WORKING DATA:

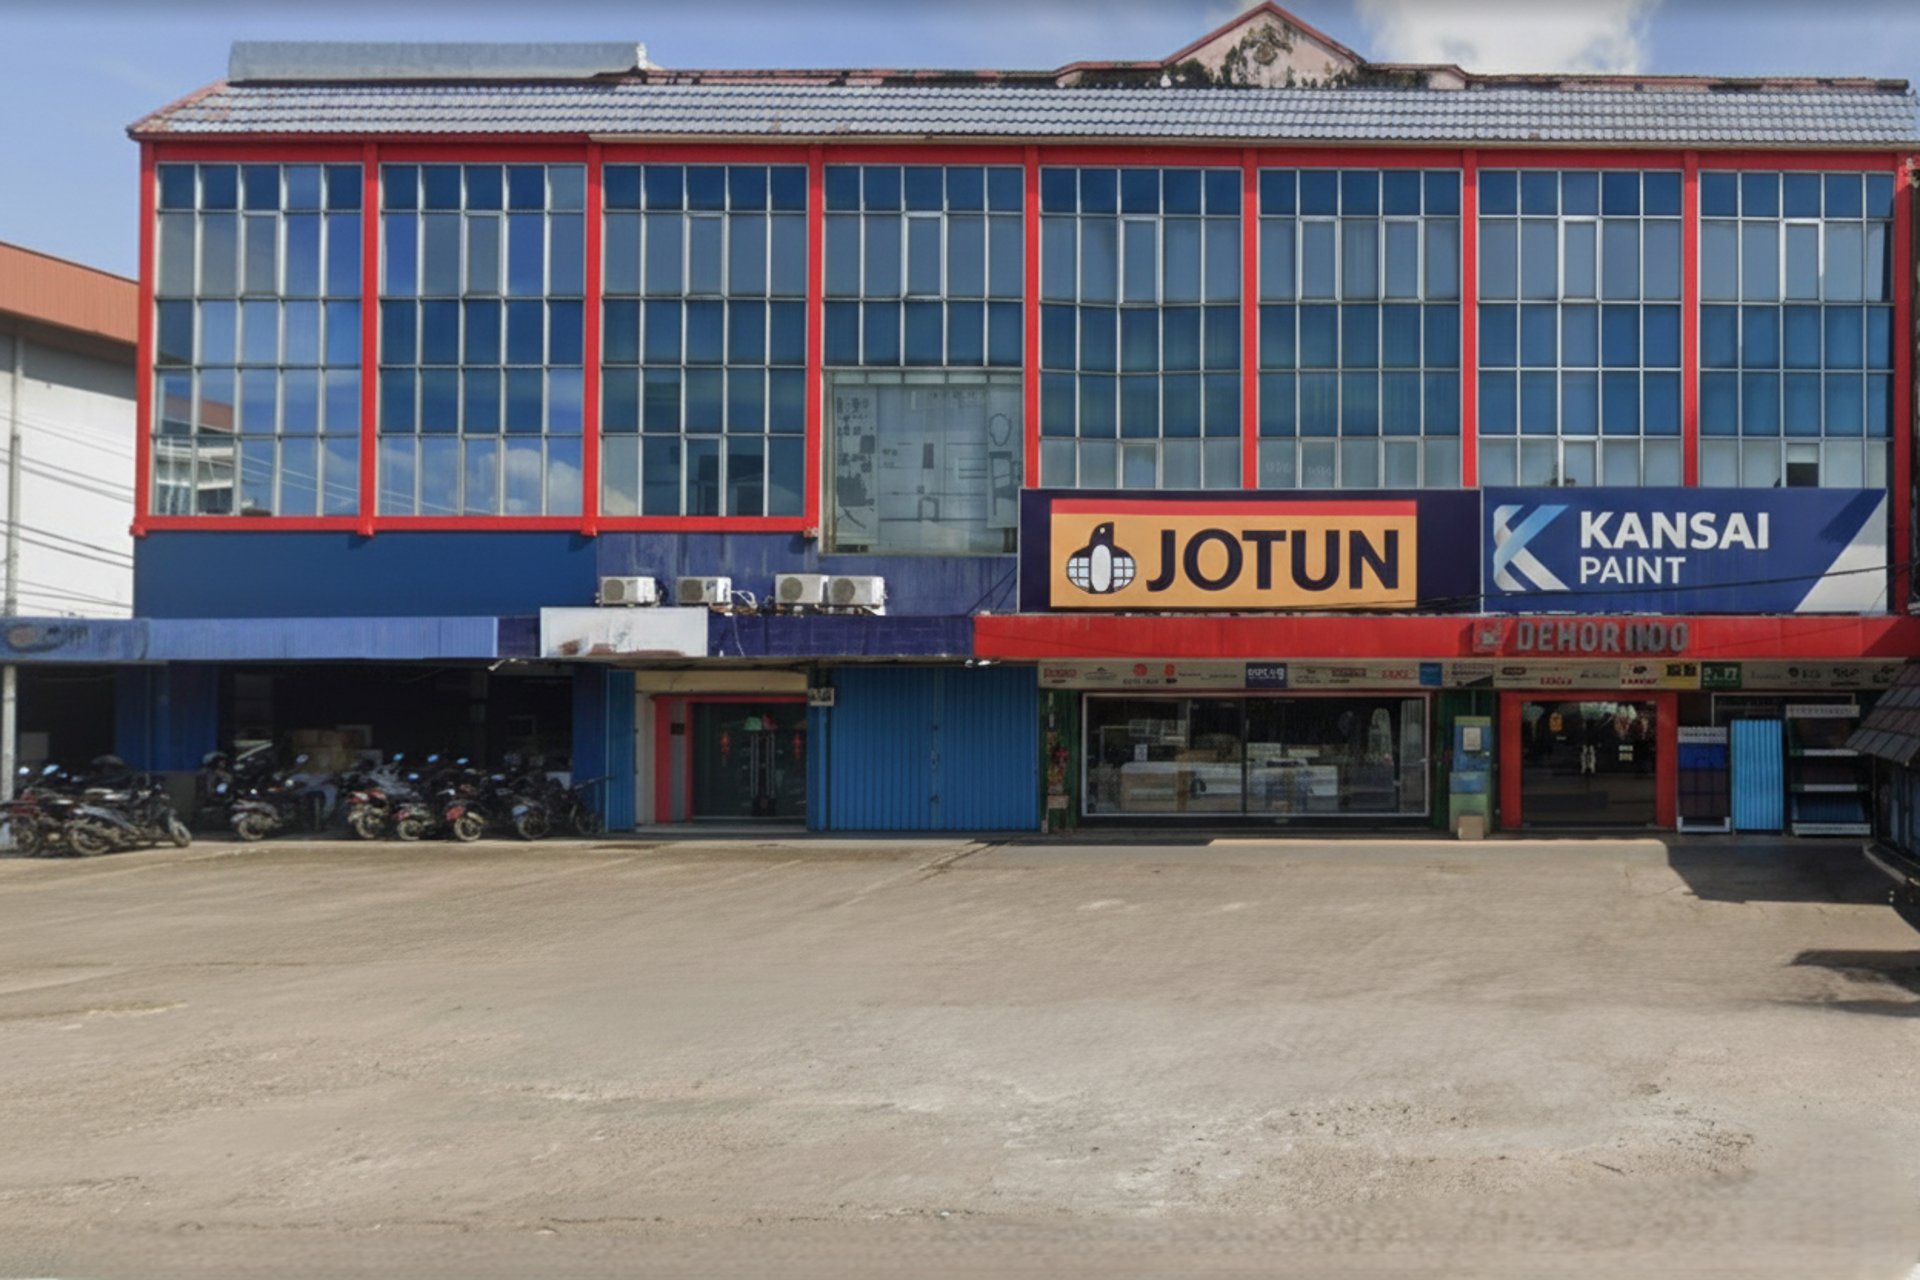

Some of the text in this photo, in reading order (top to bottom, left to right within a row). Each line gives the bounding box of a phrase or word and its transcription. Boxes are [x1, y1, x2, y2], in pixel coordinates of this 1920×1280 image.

[1580, 511, 1769, 550] KANSAI
[1146, 528, 1399, 593] JOTUN
[1580, 556, 1686, 584] PAINT
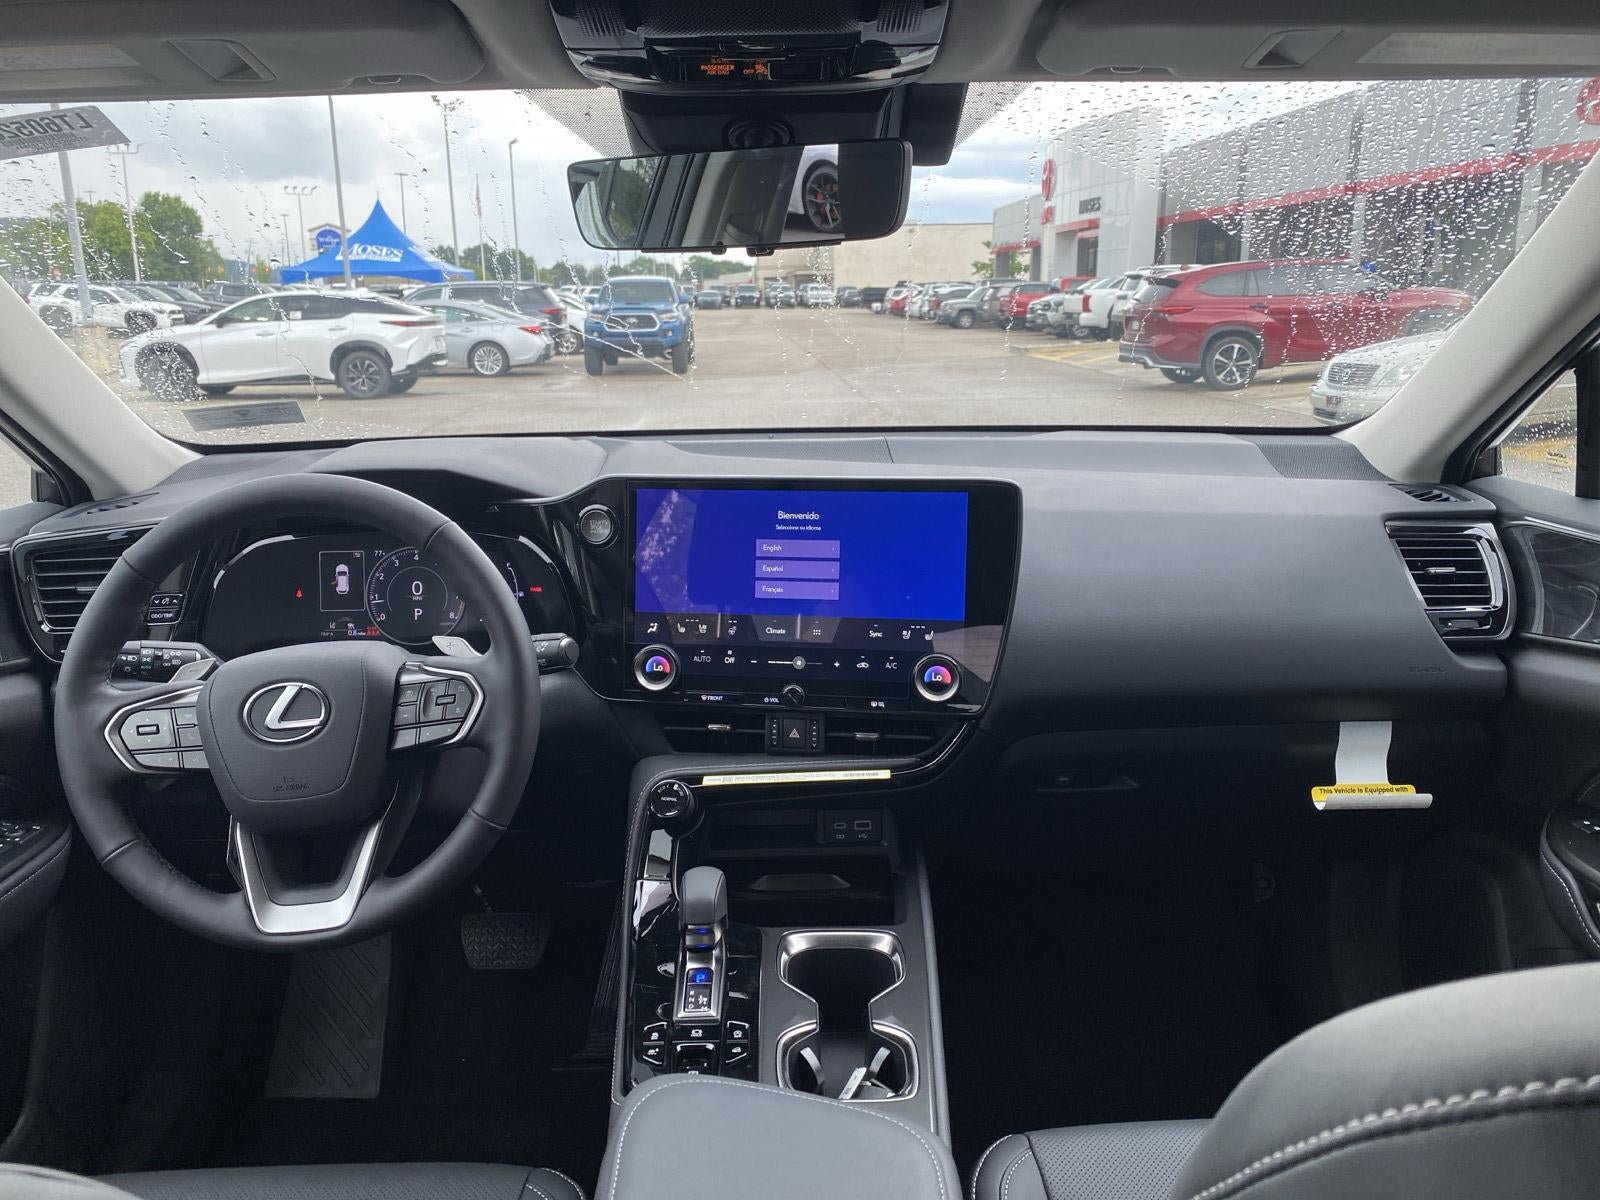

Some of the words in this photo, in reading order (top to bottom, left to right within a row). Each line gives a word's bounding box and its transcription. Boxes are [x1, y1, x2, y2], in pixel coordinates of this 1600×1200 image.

[777, 510, 820, 520] Bienvenido
[413, 553, 419, 561] 4
[412, 581, 423, 595] 0
[379, 613, 386, 621] 0
[414, 609, 422, 620] P
[765, 627, 787, 635] Climate
[869, 629, 883, 638] Sync
[692, 655, 712, 663] AUTO
[724, 656, 735, 664] Off
[654, 663, 664, 671] Lo
[885, 661, 898, 669] A/C
[932, 672, 942, 681] Lo
[1334, 787, 1357, 795] Vehicle
[1364, 786, 1394, 795] Equipped
[696, 973, 705, 982] P
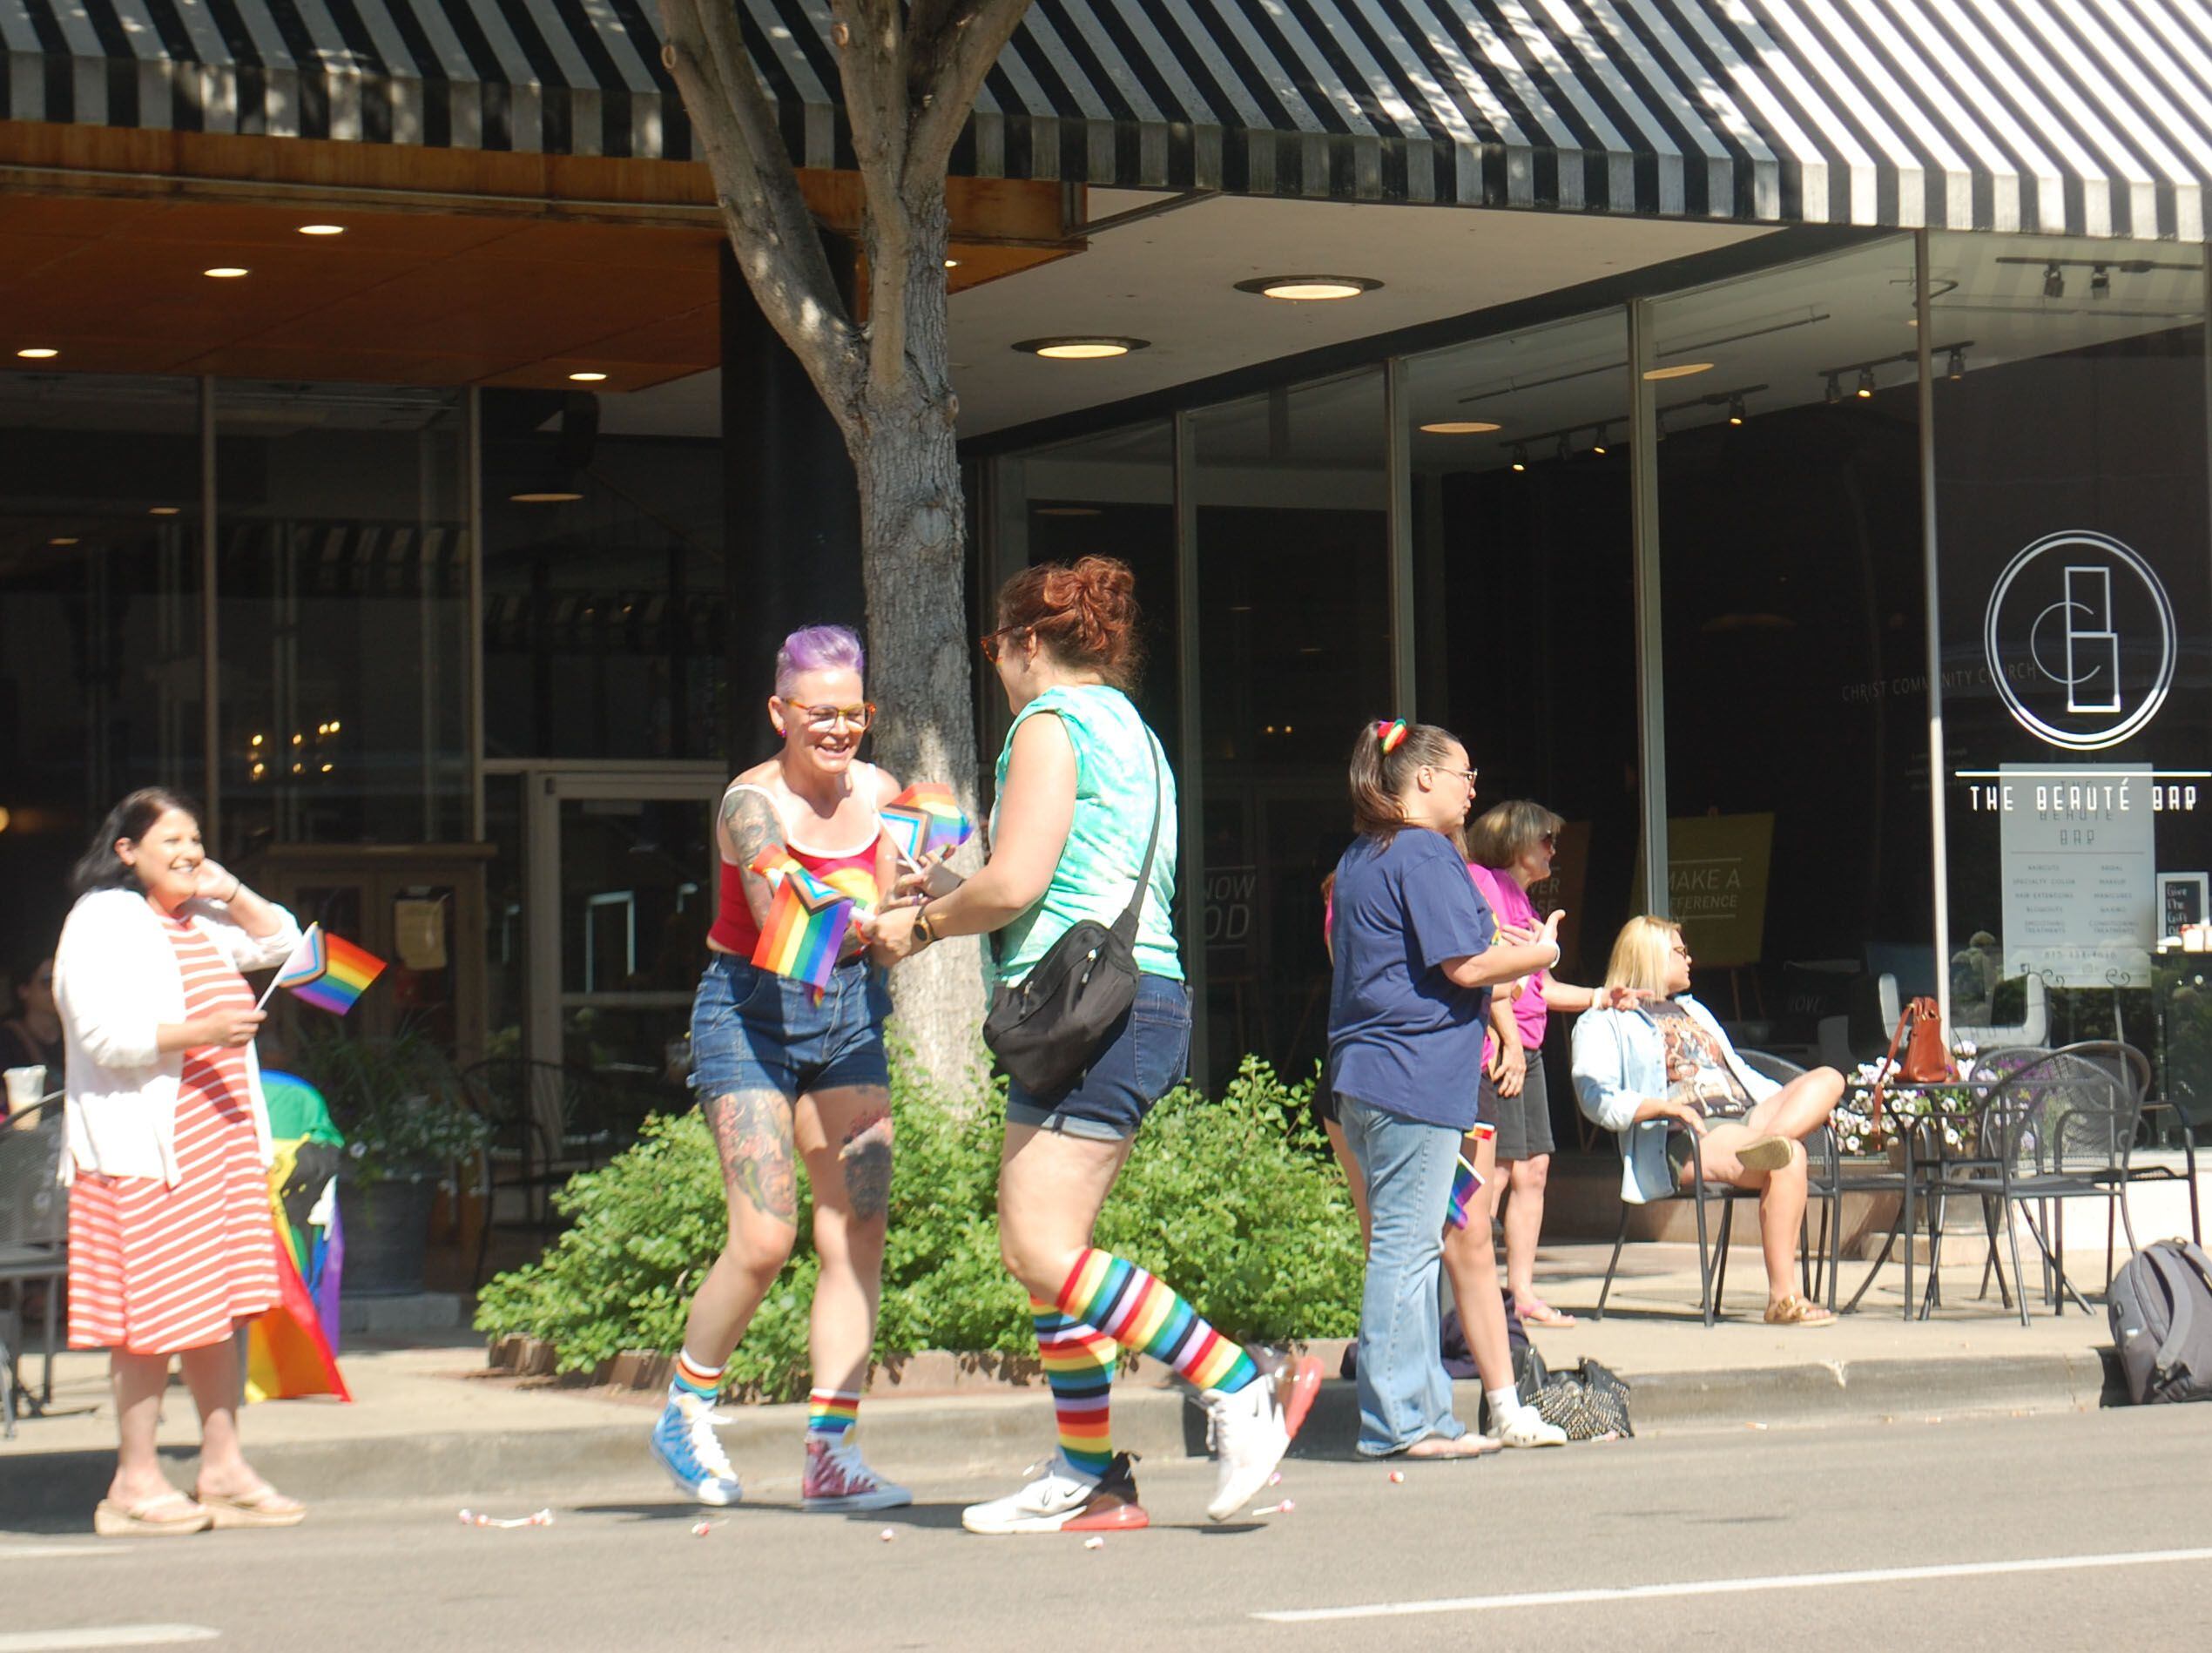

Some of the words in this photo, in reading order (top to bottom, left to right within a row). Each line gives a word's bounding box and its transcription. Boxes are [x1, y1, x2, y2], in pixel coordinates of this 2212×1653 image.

AIM OF THE TASK:
From the first line to the last, reproduce the records above exactly and skip the pictures.

TASK RESPONSE:
Some of the text in this photo, in reading order (top to bottom, left to right within a row). Each line gives the bounding box of a phrase or word and its transcription. Boxes are [x1, y1, x2, y2], in pixel coordinates of this 1920×1280 image.

[1580, 511, 1769, 550] KANSAI
[1146, 528, 1399, 593] JOTUN
[1580, 556, 1686, 584] PAINT

Some of the words in this photo, in reading order (top to bottom, left to right within a row). Each line gives a word's bounding box and its transcription. Boxes are [x1, y1, x2, y2], in pixel coordinates of this 1600×1200 image.

[777, 510, 820, 520] Bienvenido
[413, 553, 419, 561] 4
[412, 581, 423, 595] 0
[379, 613, 386, 621] 0
[414, 609, 422, 620] P
[765, 627, 787, 635] Climate
[869, 629, 883, 638] Sync
[692, 655, 712, 663] AUTO
[724, 656, 735, 664] Off
[654, 663, 664, 671] Lo
[885, 661, 898, 669] A/C
[932, 672, 942, 681] Lo
[1334, 787, 1357, 795] Vehicle
[1364, 786, 1394, 795] Equipped
[696, 973, 705, 982] P

Some of the words in this photo, in reading order (top to bottom, left to right within a row). Each line gives a word's bounding box and its transcription. Boxes are [x1, y1, x2, y2], in pixel coordinates of this 2212×1653 image.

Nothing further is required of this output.